In Greenland I made it a practice to travel alone, never knowing quite how I would get from one place to another in a country of no roads, where solitude is thought to be a form of failure. I made my way alowly, with no common language and the usual Arctic weather-related delays, by dogsled, skiff, fishing boat, helicopter, and fixed-wing plane. The blessing of such awkward movements was that the locals took pity on me: I was passed from friend to friend, village to village, town to town, and slowly climbed the icy ladder up the west coast to Avannaarsua―the far north.

But the system of survival also has its flip-side. In time of famine, Darwinian rules of the fittest meant whoever was able to contribute to survival, not take from it. The group matters more. Rasmussen told the story of Miteq, a Inuit, who had encountered bad luck and his family was beginning to starve. Miteq and his wife sealed all but one of their children in a hut, and rolled a stone across the entrance. They then harnessed the dogs and drove away. But things did not improve and they soon were forced to abandon their final child. The couple soon made camp, but found that they could not live with themselves or other people, and they moved elsewhere. They eventually killed themselves.

There are plenty of these horror stories. Rasmussen collected their tales, and together they form a composition of a rich culture that lived with a constant awareness that death and starvation stood closely at behind, waiting.

But most of all, I am enthralled by the saying of a Caribou Eskimo, who once told Rasmussen:

All true wisdom is only to be found far from the dwellings of man, in the great solitudes; and it can only be attained through suffering. Suffering and privation are the only things that can open the mind of man to that which is hidden from his fellows.

Rasmussen took this to heart. I guess Gretel Erhlich did too, as she quoted this passage twice in the book.

One summer, on her way to an island 50 miles northwest of Uummannaq, the airline lost her luggage. With only the clothes on her back and her rucksack of books, she proceed anyway. She traveled several days from hot to cold climate, on planes, helicopters, benches and boats ― with nowhere to bathe, nothing to change into, and the clothes she was wearing souring. On the verge of sleep, she read something from the writings of artist Rockwell Kent:

See me liberated by the blessedness of the disaster from the confinement of the boat, shorn of property, stripped of clothes, wandering, an unknown alien-beachcomber in a generous land.

It is easy to go to places like Bali, Turkey or Italy these days and call it an adventure. It takes another kind of courage to throw yourself at the extreme edges of the world like the Arctic ― as Gretel Ehrlich did. I wondered at first if it was a kind of death-wish she had. She seems almost wilfully independent. At one point she was supposed to meet her interpreter, whose flight has been delayed and then was nowhere to be found. She loses her luggage, but she continues. In situations like hers, most people might have cancelled their trip, or waited.

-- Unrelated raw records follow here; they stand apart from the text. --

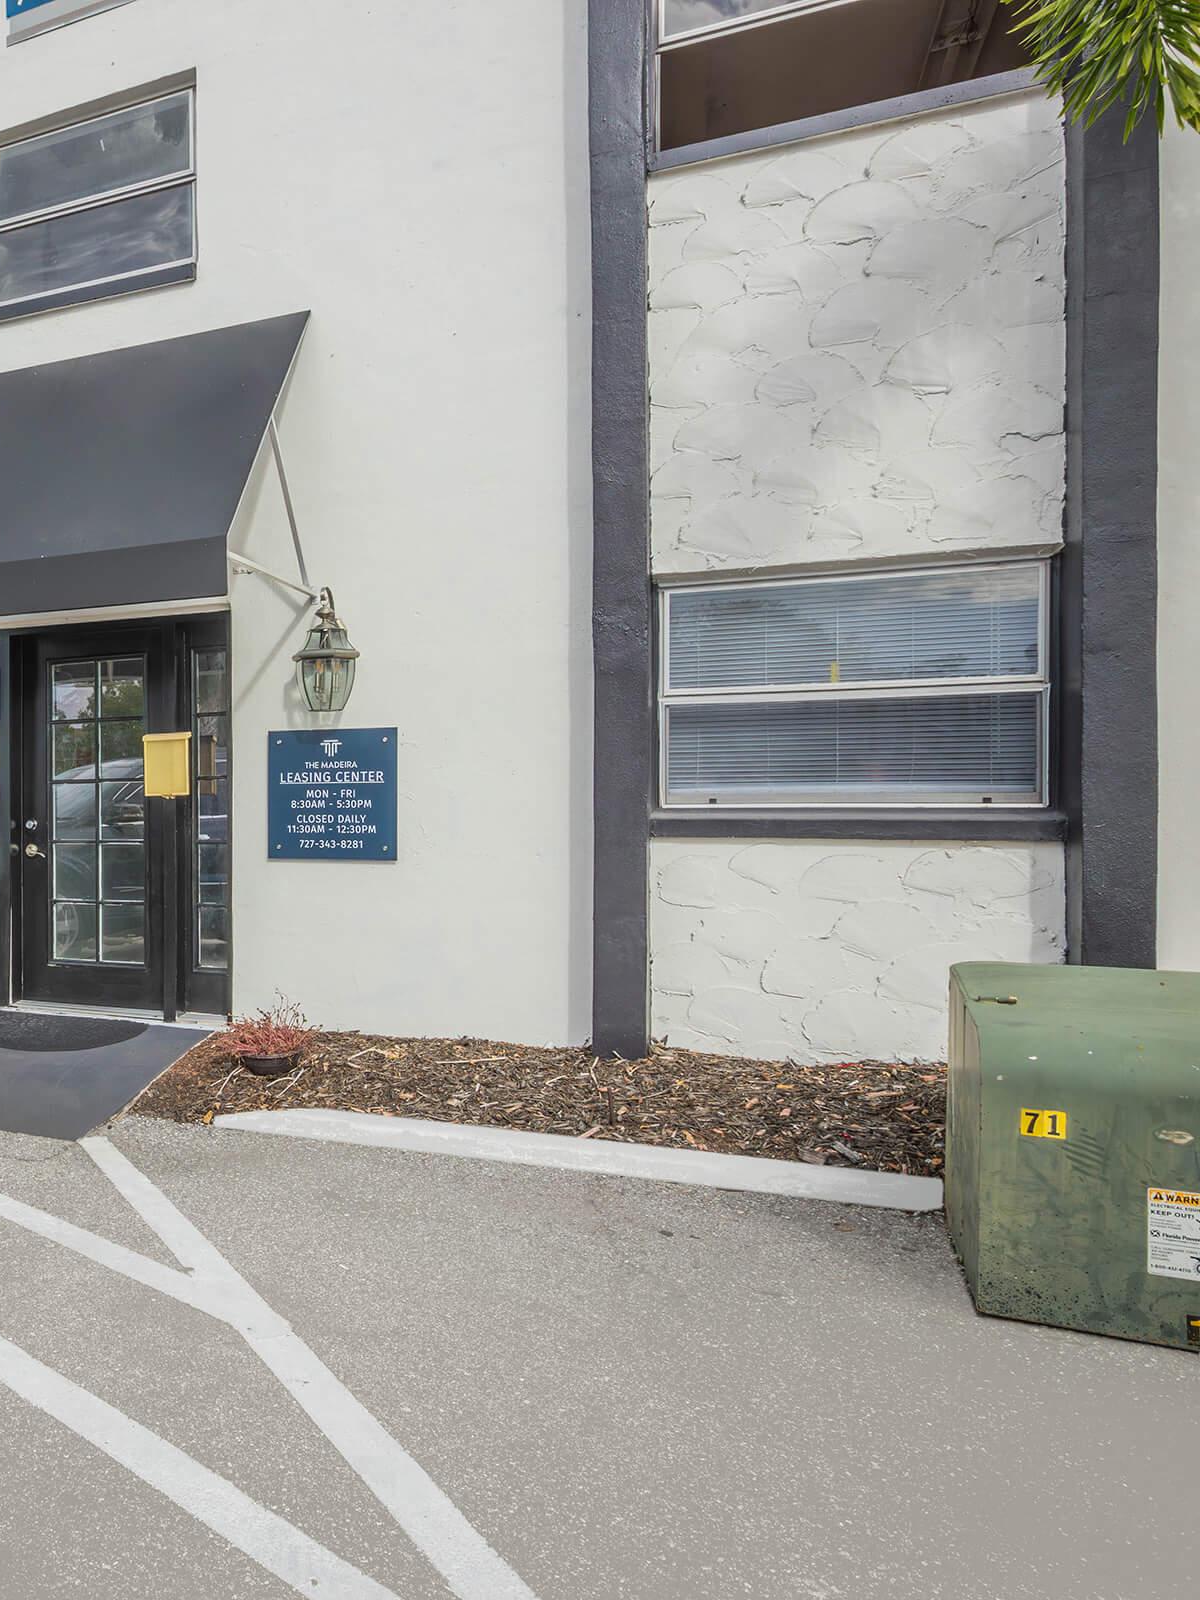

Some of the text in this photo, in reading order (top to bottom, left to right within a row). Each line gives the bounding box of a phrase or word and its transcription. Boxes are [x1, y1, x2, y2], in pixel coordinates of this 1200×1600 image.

[321, 760, 358, 769] MADEIRA
[280, 770, 384, 784] LEASING CENTER
[306, 789, 329, 798] MON
[340, 789, 356, 798] FRI
[290, 800, 326, 808] 8:30AM
[336, 800, 372, 808] 5:30PM
[296, 814, 367, 824] CLOSED DAILY
[287, 825, 325, 834] 11:30AM
[336, 824, 377, 834] 12:30PM
[299, 840, 364, 848] 727-343-8281
[1025, 1112, 1060, 1136] 71

She went on ahead, a stranger in a brutal climate. (Later she was arrested, even suspected of being a Russian spy.)

There is an open fearlessness in her, though she appears unconscious of this characteristic of herself. Is it because things change when you survive a lightning strike? When you stand at the verge of death and return, the world becomes a little less scary? I wonder. Perhaps I would like to believe so. Ehrlich's peregrinations remind me of the wanderings of Zen monks through the ages, though I suspect none of them went so far to the Arctic North. She is remarkable, though quietly so.

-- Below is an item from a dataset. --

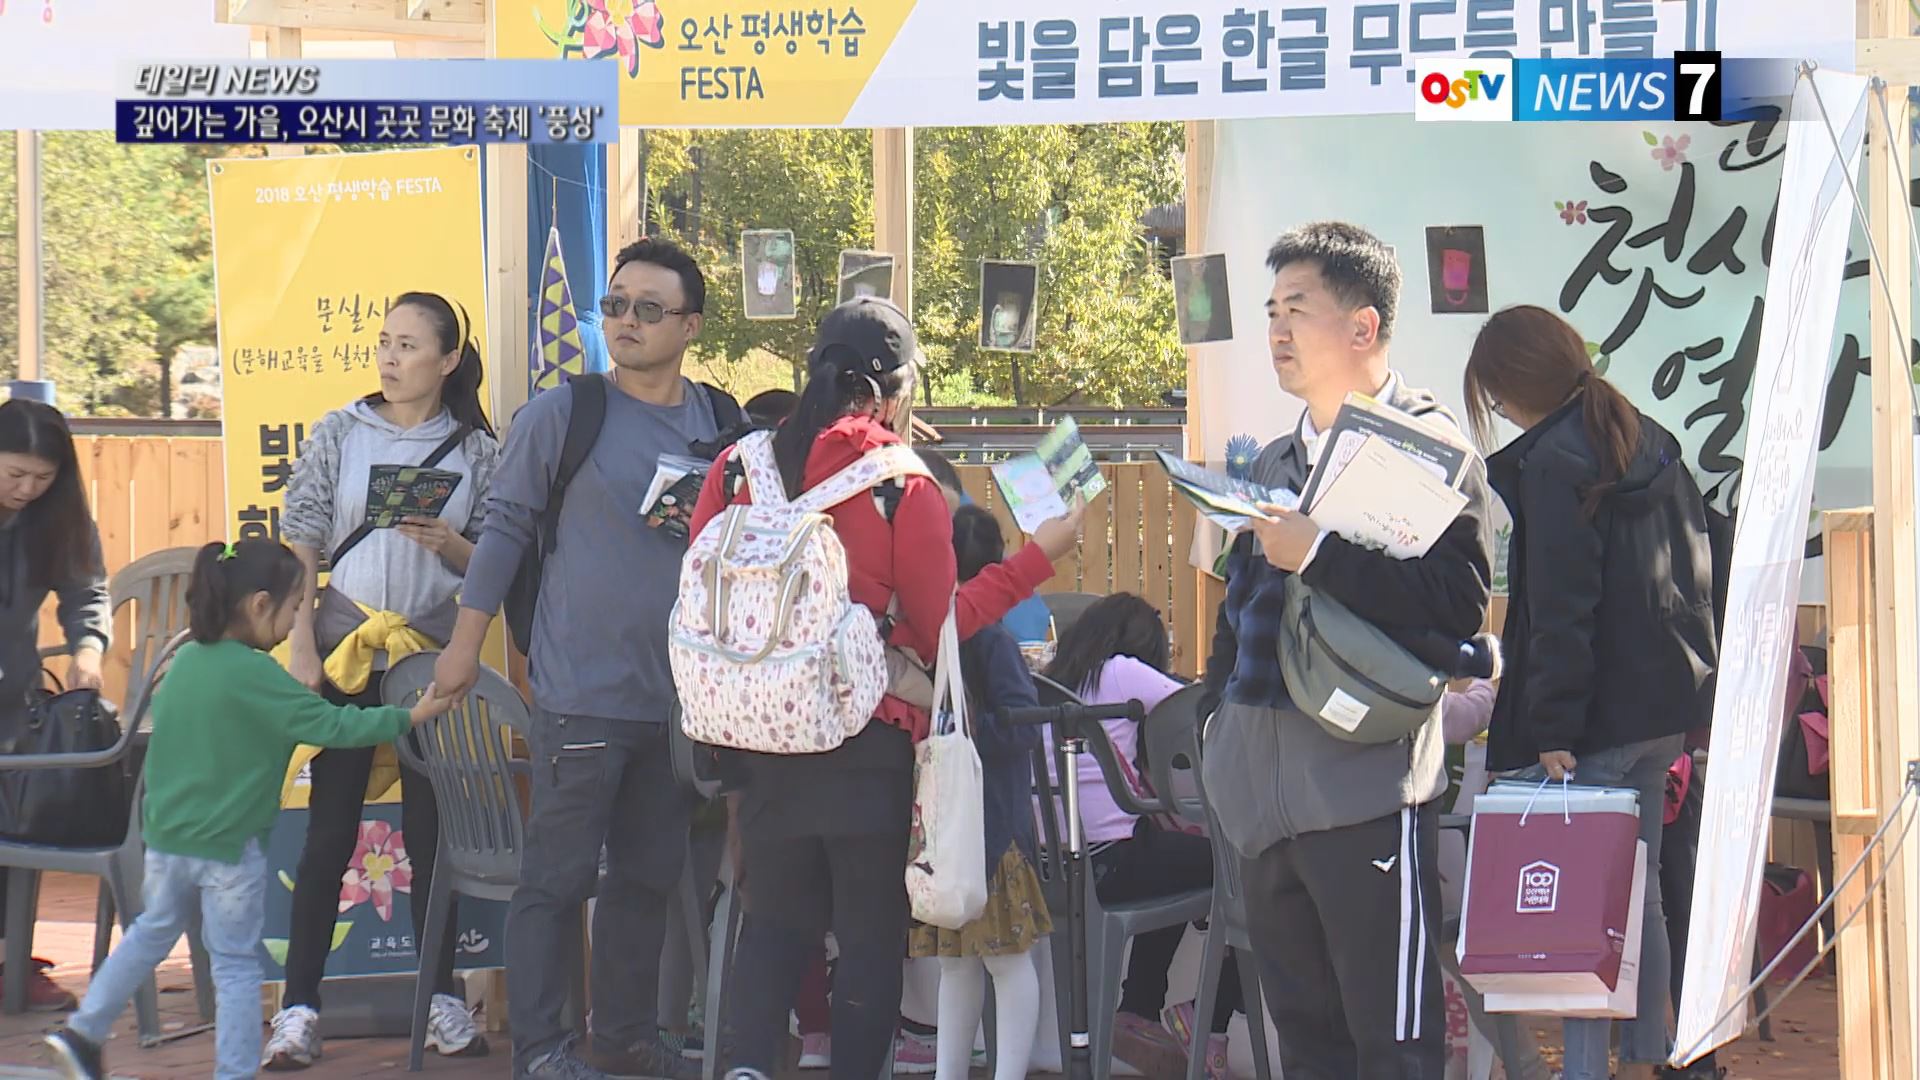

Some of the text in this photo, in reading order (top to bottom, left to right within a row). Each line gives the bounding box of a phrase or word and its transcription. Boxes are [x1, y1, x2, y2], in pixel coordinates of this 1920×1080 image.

Further Information: Gretel Ehrlich is currently travelling with the year-long Ukiivik Expedition, sponsored by the National Geographic Expeditions Council. They will travel across Arctic Alaska, Nunavut, Greenland, Sapmi (Lapland), as well as western and eastern Siberia. A book, Farthest North: The End of Ice, is supposed to be published by National Geographic. Their progress is also supposed to be updated at: ― but there hasn't been any updates since February 2007.

1 comment:

soleil said...

i cannot stand the cold as well, however, i am fascinated by the obscenely cold and icy places. i have a secret wish to visit antarctica someday to see the penguins and polar bears and ethereal icy landscape.